Iglesia Católica pide convertirse a Cristo

Cientos de feligreses católicos festejaron a lo grande el Domingo de Ramos, en la catedral San Pedro Apóstol, donde el obispo Ángel Garachana les invitó a convertirse a Jesucristo para superar tanta mentira, violencia y corrupción que le hace daño al país.
“Esta semana tenemos que aprovecharla para convertirnos en Jesucristo; es decir, tener un comportamiento con los demás que sea justo, caritativo, bondadoso y misericordioso, superando así lo que nos hace tanto daño, que es la violencia, mentira y la corrupción”.
Recordó que la procesión de ramos y la misa que se realiza en la iglesia de San Pedro Sula, siempre es una gran fiesta, ya que asisten fieles que sienten en el corazón la fe en Dios y lo proclaman.
Refirió que “ellos quieren seguir e imitar su ejemplo de entrega y amor hasta dar la vida; es increíble la cantidad de personas que viene y que desea que yo le bendiga y me abraza, por lo que esa es señal, no tanto del cariño que me tienen, sino a la iglesia y a Jesús”.
Reiteró que estas fechas son un momento especial que todos deben vivir en las cosas de Dios.

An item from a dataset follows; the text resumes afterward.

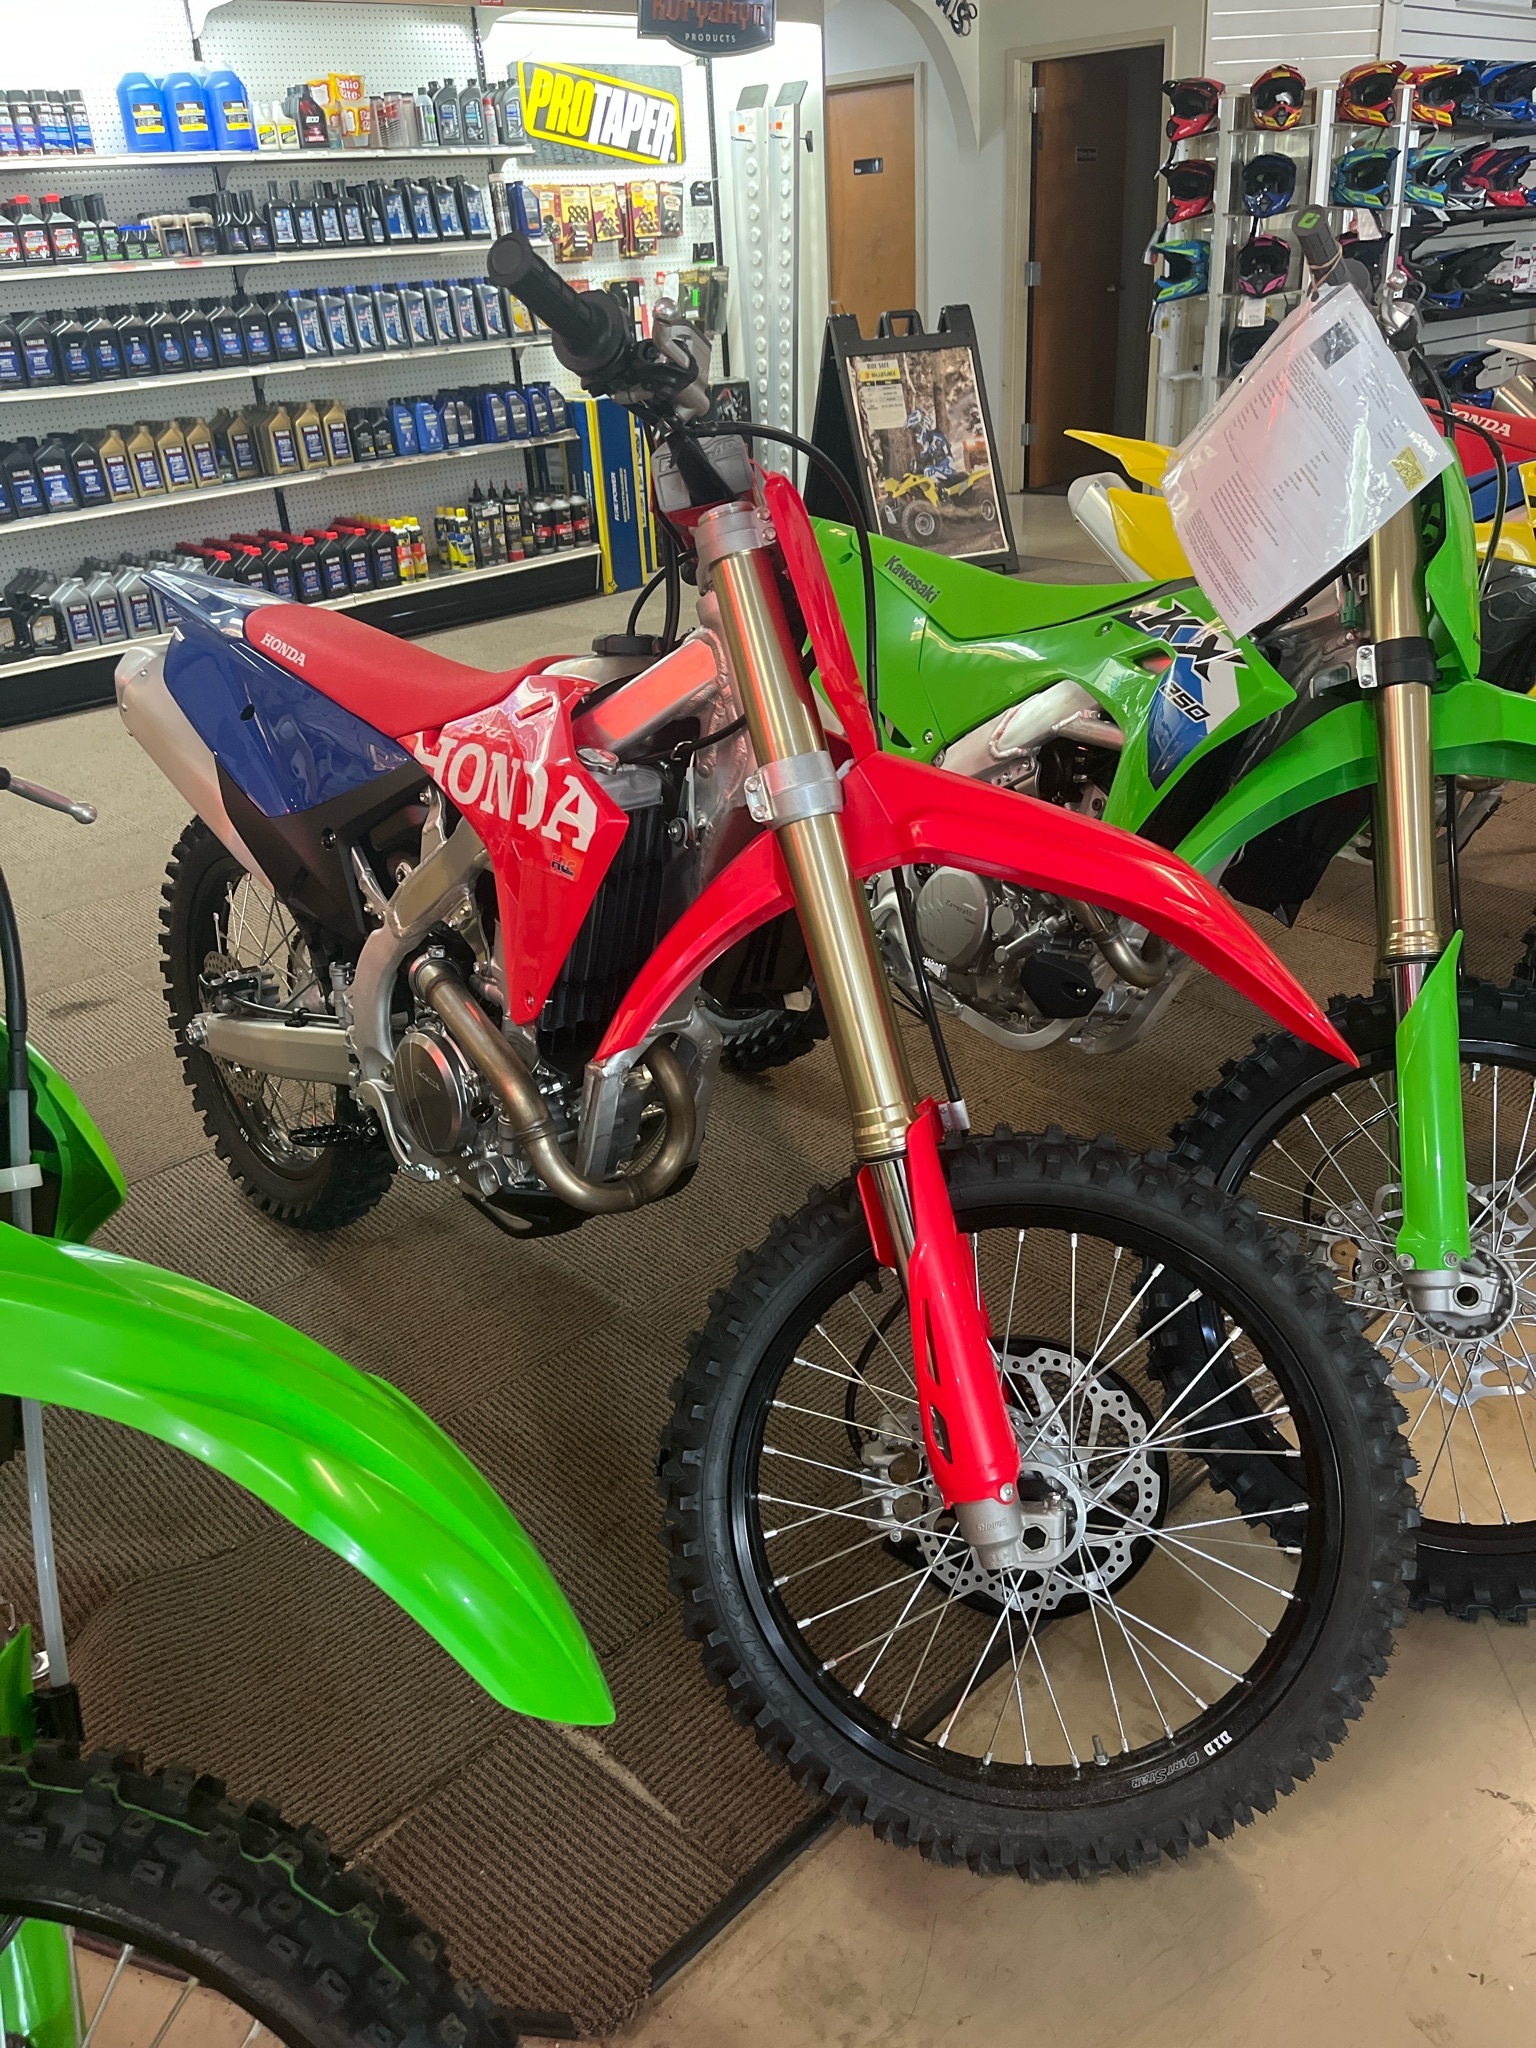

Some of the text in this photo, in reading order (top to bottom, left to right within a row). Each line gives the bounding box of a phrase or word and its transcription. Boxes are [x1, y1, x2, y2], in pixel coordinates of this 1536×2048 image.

Como de costumbre, cientos de católicos participaron en la procesión.
Como de costumbre, cientos de católicos participaron en la procesión.

“Por algo la llamamos Semana Santa, pues es precisamente por esos misterios de la pasión, muerte y resurrección del Señor, que la celebramos, por lo que no hay otra cosa mejor que pasarla en las cosas de Él”.
Les dijo que “no se les olvide que la fe es un regalo de Dios; es un don que con nada se puede comprar, pues no tiene precio y es lo mejor”.
Agregó que para la Semana Mayor, es cierto que hay que transmitir un mensaje de prudencia en el manejo, de moderación en la bebida y comida, “pero esta no tiene otro nombre que Jesucristo, quien fue crucificado y resucitado”.
Amplió que ese “es un mensaje de Él y que todos debemos vivir, para que nuestro pensamiento, sentimiento, voluntad y afecto estén adheridos a Dios, con la idea de tener una relación de amor, servicio, justicia, respeto y defensa de la vida”.
Los devotos realizaron una procesión desde el Instituto María Auxiliadora hasta la catedral, donde Garachana bendijo con agua bendita los ramos.